IRAP is an enzyme involved in several biological processes, including the degradation of peptide hormones, glucose metabolism and insulin sensitivity regulation. Its role is to cleave hormone peptides, including vasopressin, oxytocin, and angiotensin III. However, very similar peptides, such as angiotensin IV, act as cognitive enhancers by inhibiting IRAP activity. IRAP is known to bind similarly to all of these potential substrates and until now it has been an unresolved puzzle why the enzyme selectively metabolizes oxytocin but not angiotensin IV.

Our research used molecular and quantum simulations to understand this selectivity at a molecular level. We discovered that the active site’s interactions, particularly with the catalytic Zinc ion, differ in the two systems, leading to varying stability of reaction intermediates. Kuano has leveraged these structural insights from our simulations to guide AI-driven drug design — not only for IRAP, but across a broad range of challenging therapeutic targets. Our platform integrates quantum mechanics with AI to identify and exploit mechanistic determinants of enzyme function, enabling the rational design of next-generation inhibitors.
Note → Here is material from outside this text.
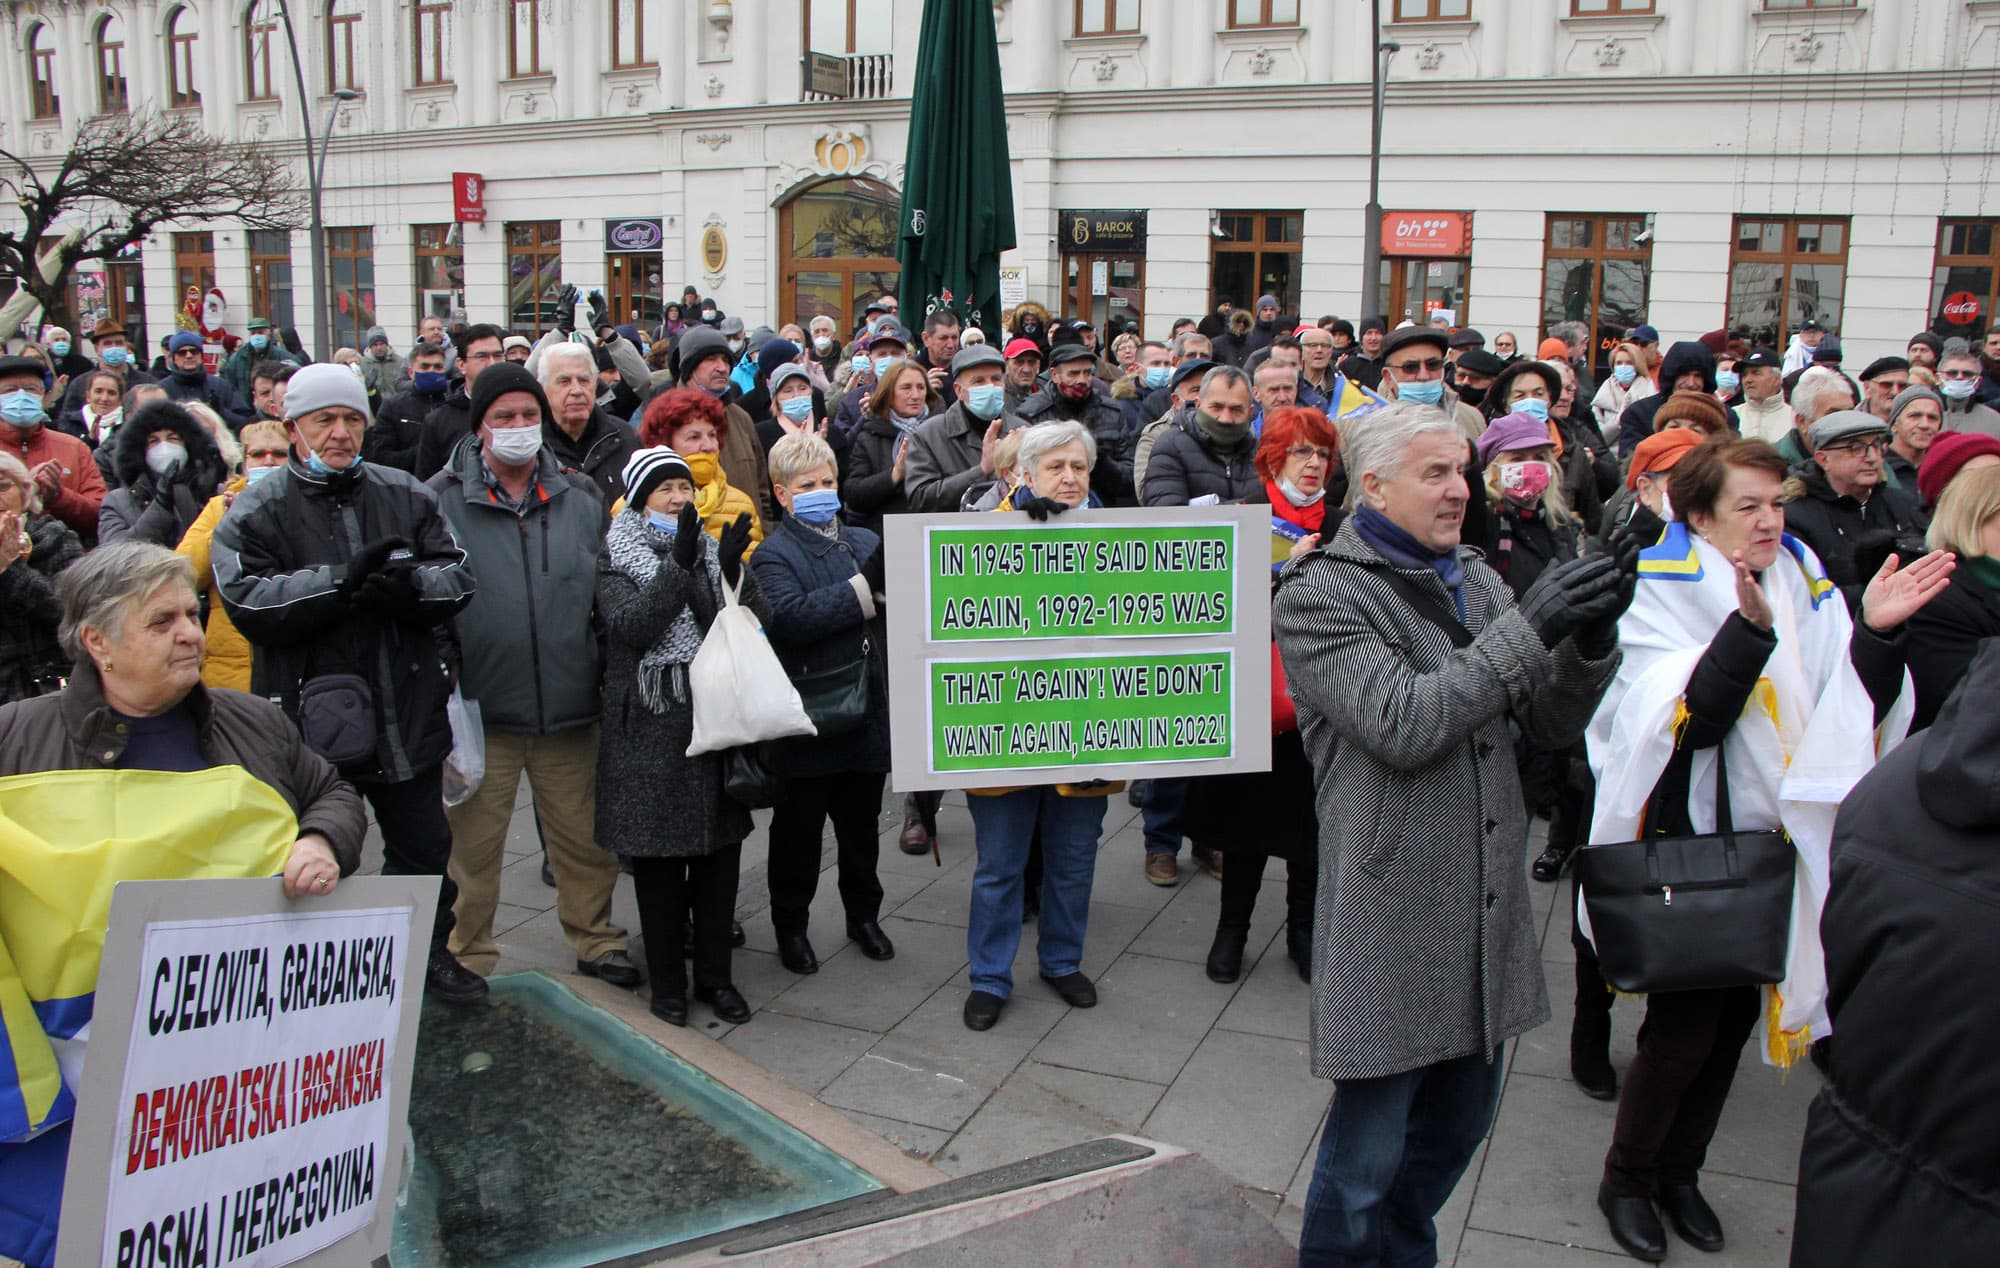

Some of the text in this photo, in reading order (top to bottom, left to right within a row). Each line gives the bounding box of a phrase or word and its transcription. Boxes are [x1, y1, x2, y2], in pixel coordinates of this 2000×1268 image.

M. Hanževački, R.M. Twidale, E.J.M. Lang, W. Gerrard, D.W. Wright, V. Stojevic,  A.J. Mulholland, “Quantum Mechanics/Molecular Mechanics Simulations Distinguish Insulin-Regulated Aminopeptidase Substrate (Oxytocin) and Inhibitor (AngiotensinIV) and Reveal Determinants of Activity and Inhibition”, Journal of Chemical Information and Modeling, DOI: 10.1021/acs.jcim.5c00869

*IRAP (Insulin-regulated aminopeptidase) is also known as LNPEP (Leucyl-cystinyl Aminopeptidase)